Latest update November 29th, 2024 1:00 AM
Feb 26, 2012 News
…as Ansa McAl eyes energy/fuel market
With one regional conglomerate looking to invest millions of dollars in Guyana to establish an ethanol plant the question of legislation mandating an ethanol/gasoline blend has again surfaced. Such legislative action was confirmed by Agriculture Minister Dr. Leslie Ramsammy.
This publication posed the question to the Agriculture Minister as it relates to such legislation being in the pipeline.
Dr. Ramsammy said that it has been on the table for some time and that “we expect greater attention will be given to this subject in this Government.”

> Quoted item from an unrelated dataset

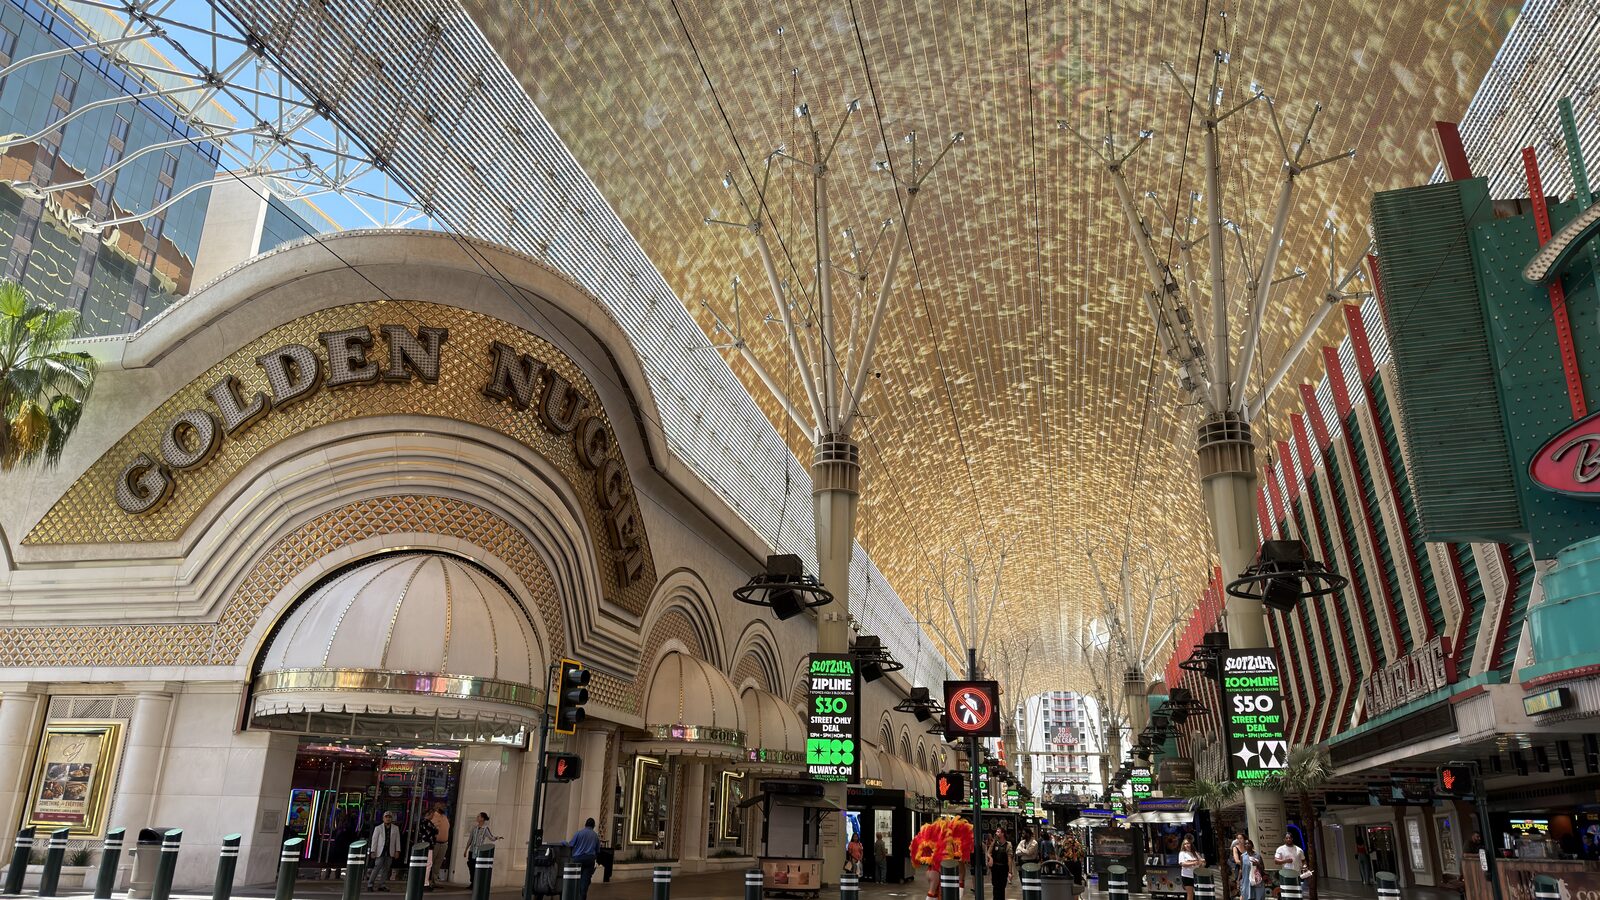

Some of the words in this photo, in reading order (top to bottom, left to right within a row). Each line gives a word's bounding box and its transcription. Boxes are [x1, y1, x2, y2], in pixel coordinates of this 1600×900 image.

If established, Ansa McAl Group of companies will have one of the largest ethanol plants capable of exporting to regional and international markets.
Ansa McAl’s Country Managing Director, Beverly Harper, confirmed yesterday that the ethanol that the company is looking to produce is strictly for the energy/fuel market and would not be used as a base for any sort of rum production.
According to the company, “the proposed Ethanol Project will be well positioned to successfully become a low-cost, globally competitive provider of ethanol to international and regional markets.”
Ansa McAl is currently conducting an in-depth feasibility study which includes infrastructure and development works, plant and equipment and rolling stock.
The ethanol plant is projected to have a capacity to process up to two million tons of sugarcane per year and produce up to 40 million gallons (nameplate capacity) of ethanol per year.
The agro-energy industrial project will be built on 110,000 hectares of virgin land located in Canje, Berbice.
Ansa McAl Limited is a diversified Public Conglomerate. Listed on the Trinidad and Tobago Stock Exchange (TTSE: AMCL), it is one of the largest local conglomerates with an asset base of over TT$10.9 Billion as at December 31, 2010.
To date, its business operations span the manufacturing, brewing, insurance, finance, real estate, media, shipping, trading/ distribution, automotive and industrial equipment retailing sectors.
The Ansa McAl subsidiaries’ operate in the Caribbean including Trinidad and Tobago, Barbados, St. Kitts and Nevis, St. Lucia, Guyana, Grenada and the USA.
Ansa McAl has a workforce of approximately 6,000 and generates annual consolidated operating revenues of approximately TT$5Billion.
To date the Guyana Government has made no formal announcements despite days of media reports on the deal between Government and Ansa McAl.